(Beginning of DATA SHOWN)

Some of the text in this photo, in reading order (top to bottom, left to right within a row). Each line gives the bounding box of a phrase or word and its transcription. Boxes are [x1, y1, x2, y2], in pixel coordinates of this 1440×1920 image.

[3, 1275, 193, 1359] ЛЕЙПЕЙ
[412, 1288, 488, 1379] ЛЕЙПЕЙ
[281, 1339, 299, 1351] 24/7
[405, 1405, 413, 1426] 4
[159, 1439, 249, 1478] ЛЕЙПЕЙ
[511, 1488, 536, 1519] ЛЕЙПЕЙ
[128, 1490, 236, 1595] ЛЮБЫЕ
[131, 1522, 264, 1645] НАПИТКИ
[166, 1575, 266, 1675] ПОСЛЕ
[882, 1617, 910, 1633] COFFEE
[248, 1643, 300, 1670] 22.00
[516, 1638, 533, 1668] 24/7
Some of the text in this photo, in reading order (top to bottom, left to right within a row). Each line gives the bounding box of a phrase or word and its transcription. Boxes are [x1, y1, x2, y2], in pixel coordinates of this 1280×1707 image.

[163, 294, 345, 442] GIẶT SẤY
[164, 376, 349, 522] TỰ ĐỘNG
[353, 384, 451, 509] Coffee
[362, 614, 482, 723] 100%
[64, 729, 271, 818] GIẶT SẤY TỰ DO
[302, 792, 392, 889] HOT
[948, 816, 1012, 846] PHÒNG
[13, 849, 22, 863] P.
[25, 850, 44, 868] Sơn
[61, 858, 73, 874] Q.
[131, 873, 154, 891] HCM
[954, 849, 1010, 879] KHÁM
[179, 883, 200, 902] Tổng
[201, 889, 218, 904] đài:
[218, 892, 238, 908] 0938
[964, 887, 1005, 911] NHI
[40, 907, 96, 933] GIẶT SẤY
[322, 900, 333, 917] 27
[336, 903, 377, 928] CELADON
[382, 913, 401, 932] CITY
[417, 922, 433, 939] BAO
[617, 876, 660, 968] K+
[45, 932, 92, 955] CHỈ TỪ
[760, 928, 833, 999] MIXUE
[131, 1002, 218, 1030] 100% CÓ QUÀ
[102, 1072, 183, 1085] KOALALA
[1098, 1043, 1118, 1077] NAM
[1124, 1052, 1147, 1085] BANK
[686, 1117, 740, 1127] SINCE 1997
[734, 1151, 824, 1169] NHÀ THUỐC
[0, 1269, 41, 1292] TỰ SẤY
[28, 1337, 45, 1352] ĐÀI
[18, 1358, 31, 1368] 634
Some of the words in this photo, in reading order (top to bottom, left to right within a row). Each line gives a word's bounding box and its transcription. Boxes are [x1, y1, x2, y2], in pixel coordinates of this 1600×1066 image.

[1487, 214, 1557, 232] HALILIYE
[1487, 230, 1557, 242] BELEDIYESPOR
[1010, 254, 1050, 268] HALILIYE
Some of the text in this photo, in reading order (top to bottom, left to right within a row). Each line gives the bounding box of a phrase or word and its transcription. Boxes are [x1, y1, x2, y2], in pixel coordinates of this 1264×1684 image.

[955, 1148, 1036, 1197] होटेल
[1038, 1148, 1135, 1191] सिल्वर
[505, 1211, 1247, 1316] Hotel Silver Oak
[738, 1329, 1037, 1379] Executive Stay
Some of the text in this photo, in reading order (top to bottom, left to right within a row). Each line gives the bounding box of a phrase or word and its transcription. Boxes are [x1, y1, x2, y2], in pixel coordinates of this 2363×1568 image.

(End of DATA SHOWN)

▶ [TRY IT] Write out, word for word, the lines from the one containing "Some of the words" through the end of the records, with no other lines.

▶ [RESULT BELOW]
Some of the words in this photo, in reading order (top to bottom, left to right within a row). Each line gives a word's bounding box and its transcription. Boxes are [x1, y1, x2, y2], in pixel coordinates of this 1600×1066 image.

[1487, 214, 1557, 232] HALILIYE
[1487, 230, 1557, 242] BELEDIYESPOR
[1010, 254, 1050, 268] HALILIYE
Some of the text in this photo, in reading order (top to bottom, left to right within a row). Each line gives the bounding box of a phrase or word and its transcription. Boxes are [x1, y1, x2, y2], in pixel coordinates of this 1264×1684 image.

[955, 1148, 1036, 1197] होटेल
[1038, 1148, 1135, 1191] सिल्वर
[505, 1211, 1247, 1316] Hotel Silver Oak
[738, 1329, 1037, 1379] Executive Stay
Some of the text in this photo, in reading order (top to bottom, left to right within a row). Each line gives the bounding box of a phrase or word and its transcription. Boxes are [x1, y1, x2, y2], in pixel coordinates of this 2363×1568 image.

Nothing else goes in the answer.